Gli ultimi a essere sottomessi furono gli Hopi, molti dei quali preferirono andare a vivere con i predoni Navajo anziché essere schiavi degli spagnoli.

Arriviamo così al luglio del 1846 quando il generale Kearney con una armata di cavalleria del Missouri e una di fanteria mormone invase il New Mexico e il 22 settembre ne dichiarò l’indipendenza dal Messico. Nel 1850 il New Mexico venne annesso agli Stati Uniti d’America.

Gli indiani furono subito catalogati come cittadini di serie ‘B’. Su questa premessa si fonda la rivolta di Taos. Questo era un pueblo abbastanza grande a cui erano state aggiunta una chiesa e alcune case di cittadini bianchi. Alcuni messicani, non contenti del governo Usa, cercarono alleati fra gli indiani progettando una rivolta che avrebbe dovuto riportare il territorio sotto il controllo del Messico.

Il 20 febbraio del 1847 scoppiò la rivolta. Gli indiani assalirono il comando militare uccisero tutti i soldati. Lo sceriffo e alcuni altri, resisi conto di quello che accadeva, cercarono di fuggire ma vennero uccisi per la strada, le case dei bianchi vennero perquisite, gli abitanti uccisi insieme ai loro servitori indiani e la stessa sorte toccò ai messicani che avevano accettato il nuovo governo.

Dopo una notte di massacri gli indiani e i loro alleati messicani si organizzarono per marciare su Santa Fe.

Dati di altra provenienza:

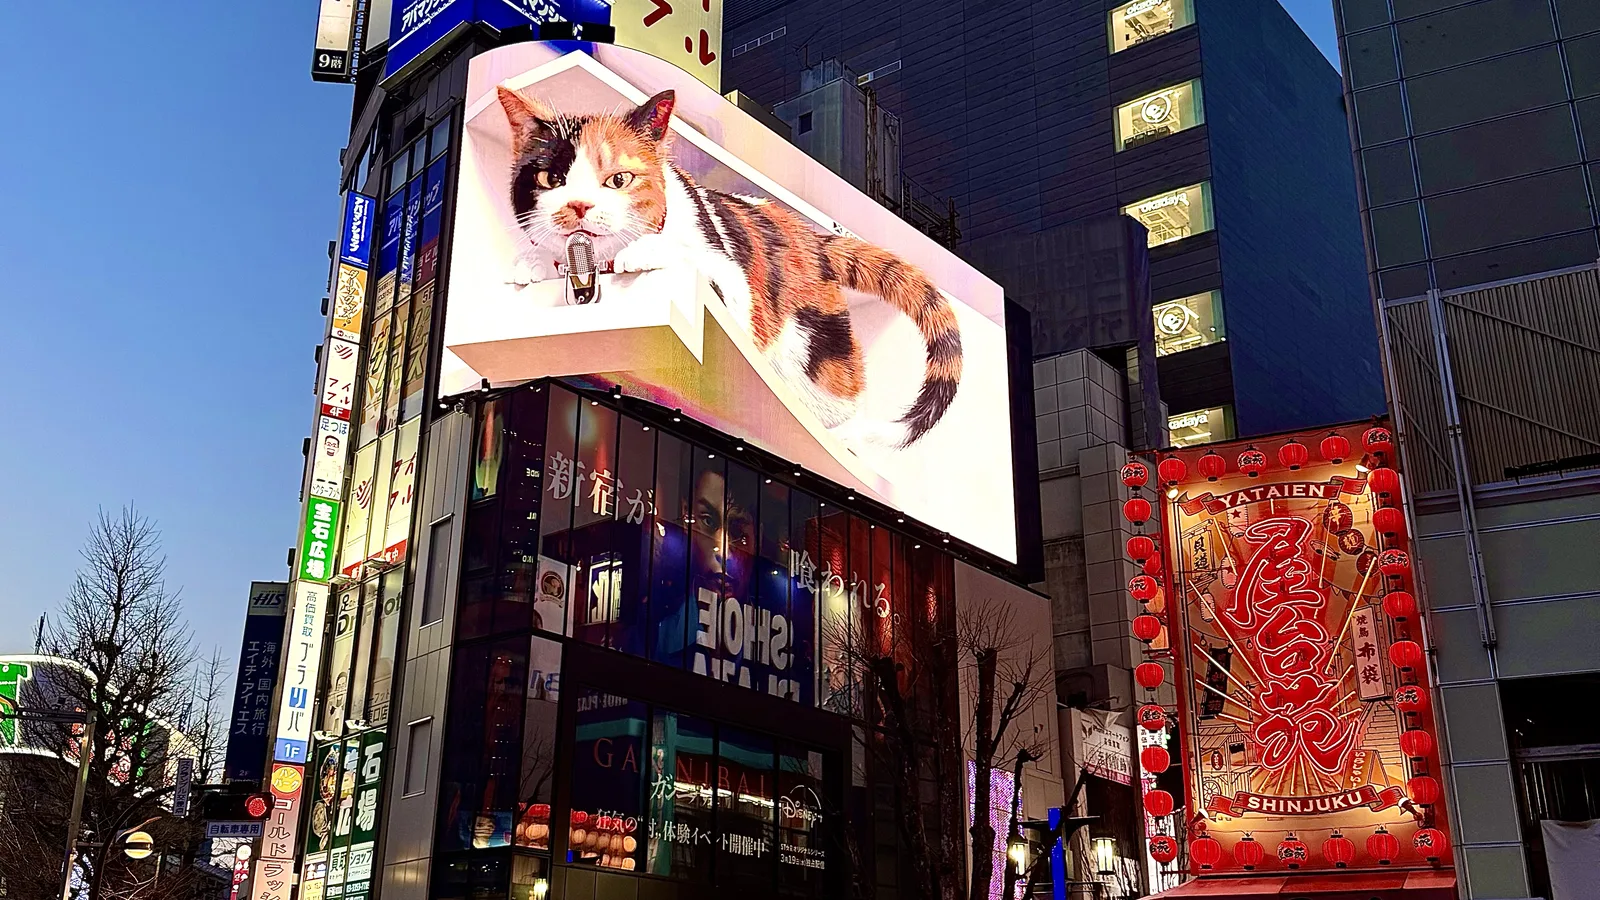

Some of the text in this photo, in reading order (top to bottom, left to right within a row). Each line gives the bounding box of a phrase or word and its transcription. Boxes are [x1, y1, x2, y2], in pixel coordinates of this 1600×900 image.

[329, 407, 343, 417] 4F
[1219, 483, 1326, 511] YATAIEN
[306, 502, 332, 579] 宝石広場
[283, 742, 300, 759] 1F
[1246, 791, 1363, 815] SHINJUKU
[209, 824, 259, 837] 自転車専用
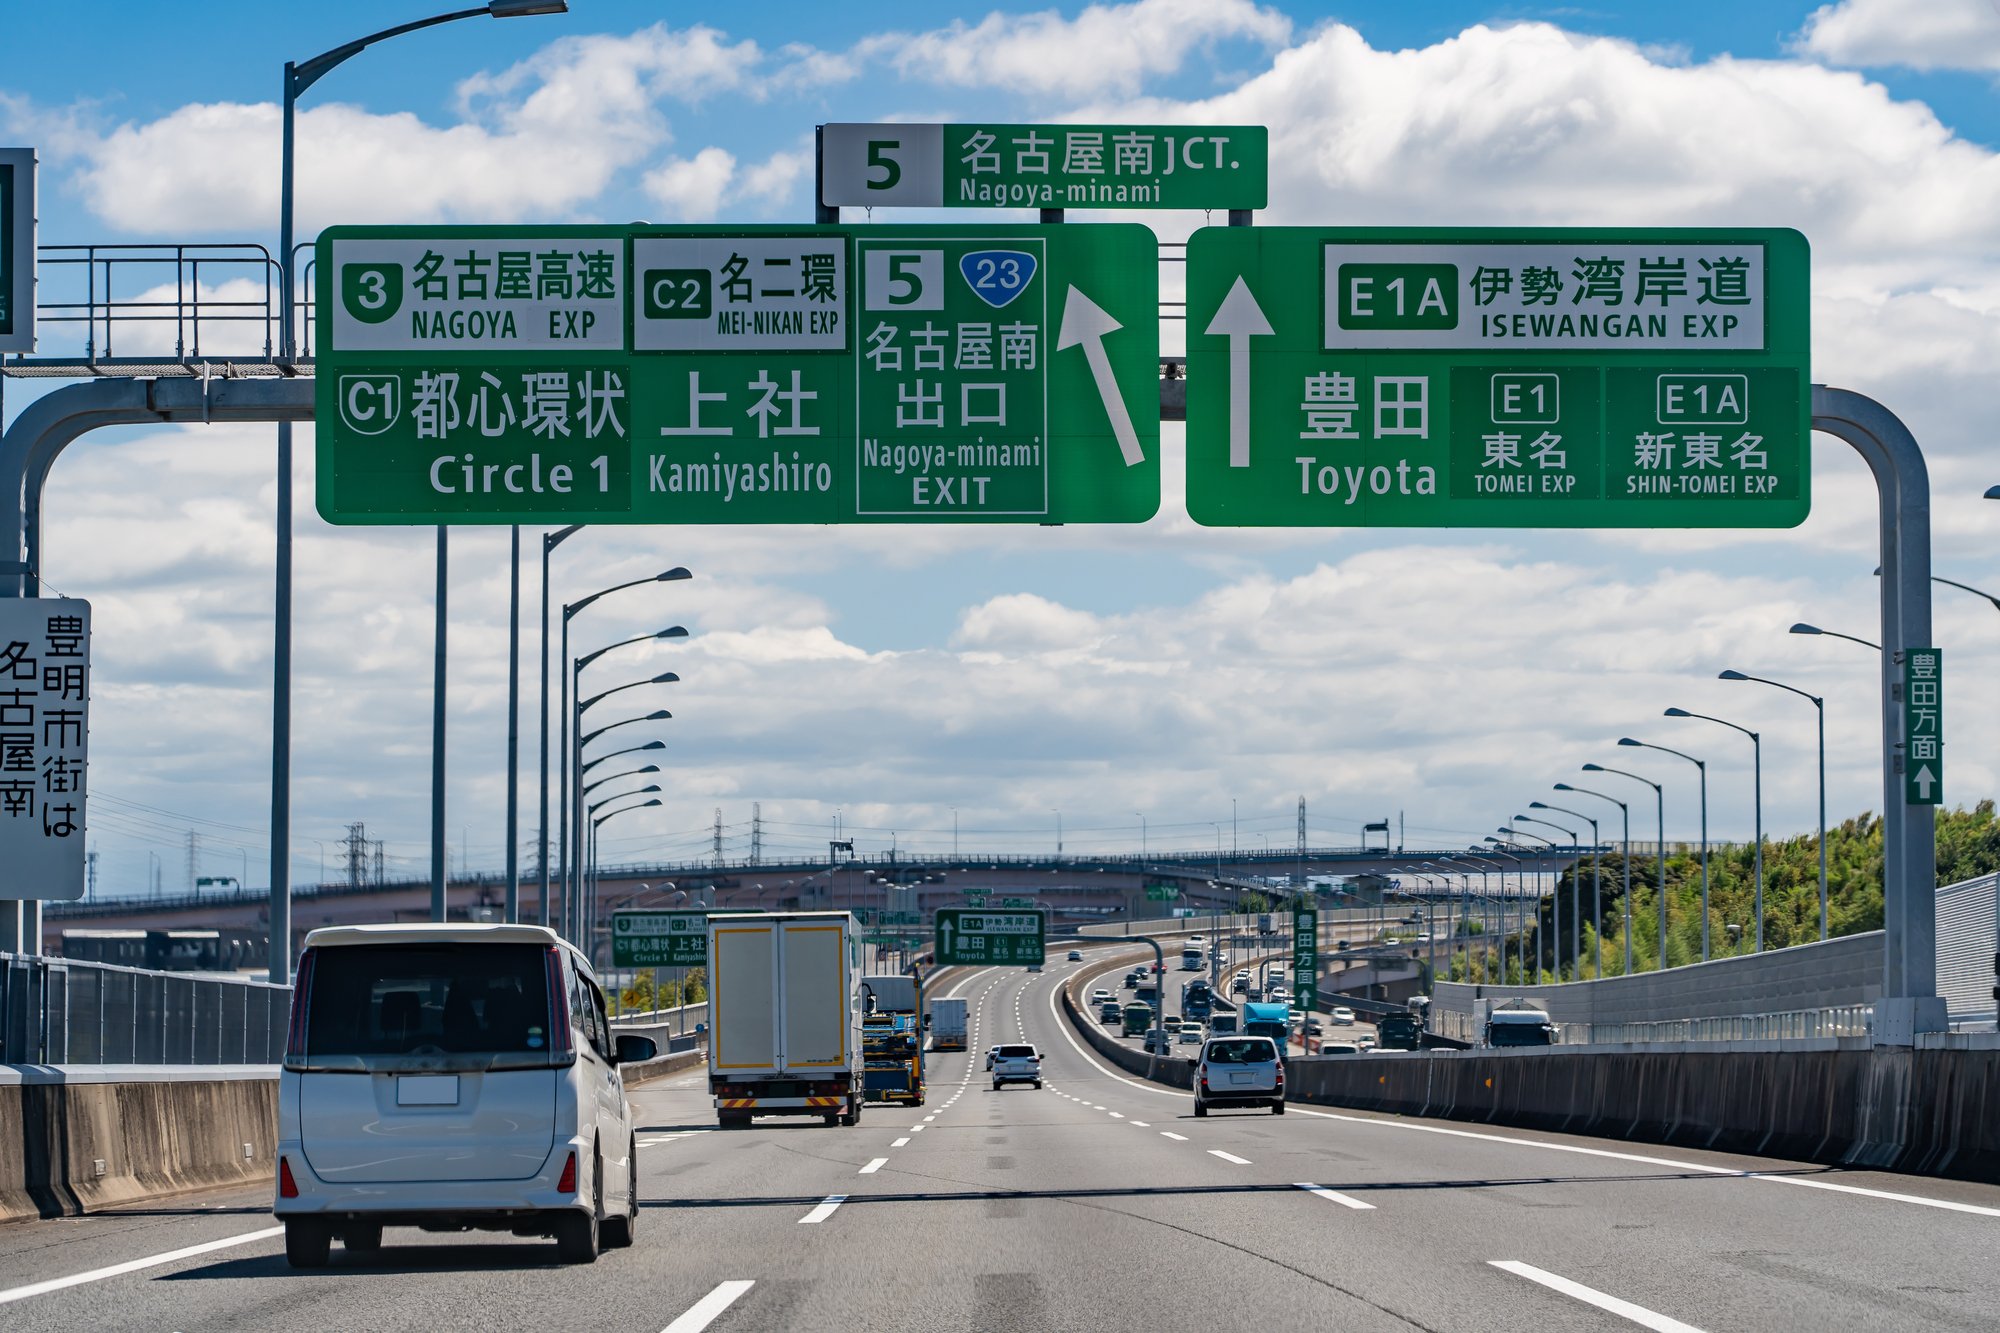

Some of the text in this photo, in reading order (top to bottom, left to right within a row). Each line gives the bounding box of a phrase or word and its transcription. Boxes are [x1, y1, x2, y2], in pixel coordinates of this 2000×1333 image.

[866, 140, 901, 191] 5
[960, 178, 1161, 207] Nagoya-minami
[358, 270, 387, 310] 3
[412, 249, 616, 301] 名古屋高速
[652, 278, 701, 309] C2
[719, 252, 838, 304] 名二環
[888, 254, 923, 305] 5
[975, 258, 1023, 290] 23
[1468, 255, 1752, 307] 伊勢湾岸道
[1350, 277, 1449, 316] E1A
[412, 310, 596, 339] NAGOYA EXP
[717, 310, 839, 335] MEI-NIKAN EXP
[1482, 313, 1739, 338] ISEWANGAN EXP
[865, 320, 1039, 372] 名古屋南
[347, 381, 394, 420] C1
[410, 370, 626, 440] 都心環状
[660, 369, 821, 439] 上社
[896, 378, 1007, 429] 出口
[1299, 371, 1429, 440] 豊田
[1503, 384, 1544, 414] E1
[1666, 384, 1741, 414] E1A
[864, 436, 1040, 475] Nagoya-minami
[1480, 430, 1566, 470] 東名
[1634, 431, 1768, 470] 新東名
[429, 453, 609, 494] Circle 1
[649, 451, 832, 503] Kamiyashiro
[913, 476, 991, 505] EXIT
[1295, 456, 1436, 505] Toyota
[1474, 474, 1576, 493] TOMEI EXP
[1626, 475, 1779, 494] SHIN-TOMEI EXP
[42, 615, 85, 838] 豊明市街は
[1911, 653, 1937, 760] 豊田方面
[0, 641, 38, 818] 名古屋南
[634, 954, 660, 962] Circle
[676, 938, 705, 951] 上社
[956, 951, 985, 961] Toyota
[1297, 914, 1314, 985] 豊田方面

Il colonnello Price, comandante militare della città, organizzò subito un corpo di volontari per fermare i rivoltosi prima che arrivassero alla città. Lo scontro fra le due fazioni avvenne al passo ‘La Canada’ e grazie ad un volume di fuoco maggiore gli americani costrinsero gli indiani a ritirarsi e riparare nel villaggio di Villa Nueva. Tutte le fattorie fortificate dai ribelli furono distrutte, i difensori uccisi o catturati, i pochi che riuscirono a fuggire ripararono scoraggiati sui monti.

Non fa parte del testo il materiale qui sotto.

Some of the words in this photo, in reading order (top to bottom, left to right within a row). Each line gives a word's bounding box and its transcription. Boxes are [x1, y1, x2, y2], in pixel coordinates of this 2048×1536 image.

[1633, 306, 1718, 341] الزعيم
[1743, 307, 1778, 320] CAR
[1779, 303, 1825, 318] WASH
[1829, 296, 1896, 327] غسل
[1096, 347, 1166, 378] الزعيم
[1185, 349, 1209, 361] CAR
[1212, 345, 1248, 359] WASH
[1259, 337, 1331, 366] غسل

Il 2 febbraio Taos fu circondata e gli americani cominciarono gli assalti. Il colonnello Price fece aprire una strada nella neve, che durante la notte era caduta abbondante, e fece trainare i cannoni in posizione  di tiro. Fu intimata la resa ai ribelli ma gli indiani non erano intenzionati ad arrendersi. I cannoni aprirono il fuoco che continuò incessante per diverse ore; poi partì la fanteria all'attacco. Un gruppo di soldati riuscì ad appiccare il fuoco al portone centrale e altri salirono sopra a dei tetti posati conto le mura, incendiarono le  botole d’accesso (dal tetto alle case). I morti si contavano a centinaia, ovunque vi erano scontri e i più fortunati morirono istantaneamente; i feriti generalmente perivano fra le fiamme.

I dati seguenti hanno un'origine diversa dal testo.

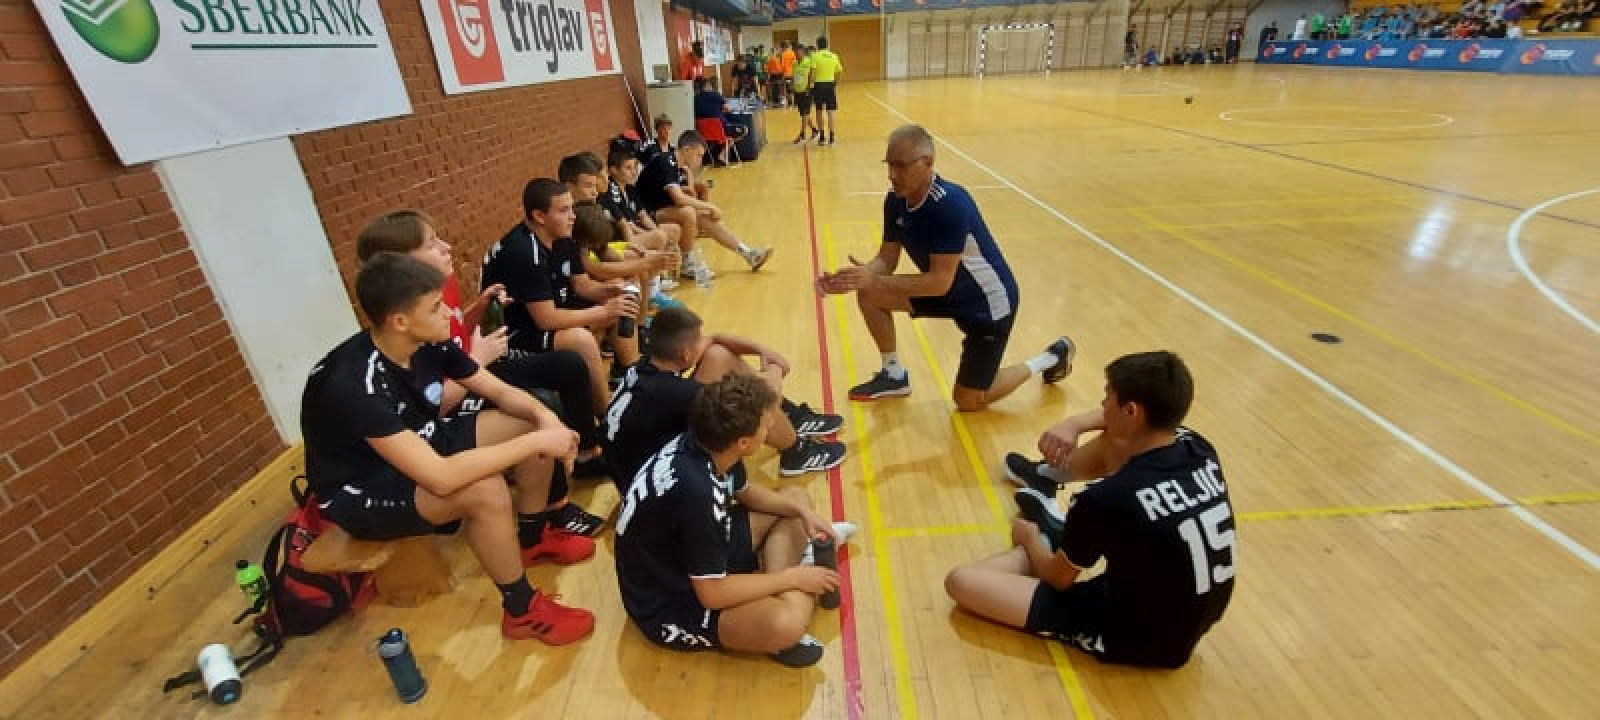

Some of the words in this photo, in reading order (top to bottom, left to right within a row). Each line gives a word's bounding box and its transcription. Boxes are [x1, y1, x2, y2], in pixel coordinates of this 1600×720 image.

[172, 0, 374, 37] SBERBANK
[500, 0, 584, 74] triglav
[1178, 502, 1237, 595] 15

Alla sera la battaglia si concluse con la vittoria degli americani, venne catturato il capo indiano della rivolta, Tommasito che fu poi fucilato.

Questa fu l’ultima grande battaglia combattuta dalle tribù Pueblo che divennero sempre piu servitori dei bianchi e che dopo la guerra civile furono radunati e rinchiusi in alcune riserve e generalmente arruolati come guide per combattere gli Apache.

Oggi i Pueblo vivono in piccole riserve; generalmente realizzano prodotti artigianali da vendere ai turisti e alcuni lavorano saltuariamente per i bianchi.

 

Popoli. Dalle loro abitazioni presero il nome di ‘Pueblo’ anche gli indiani che le abitavano.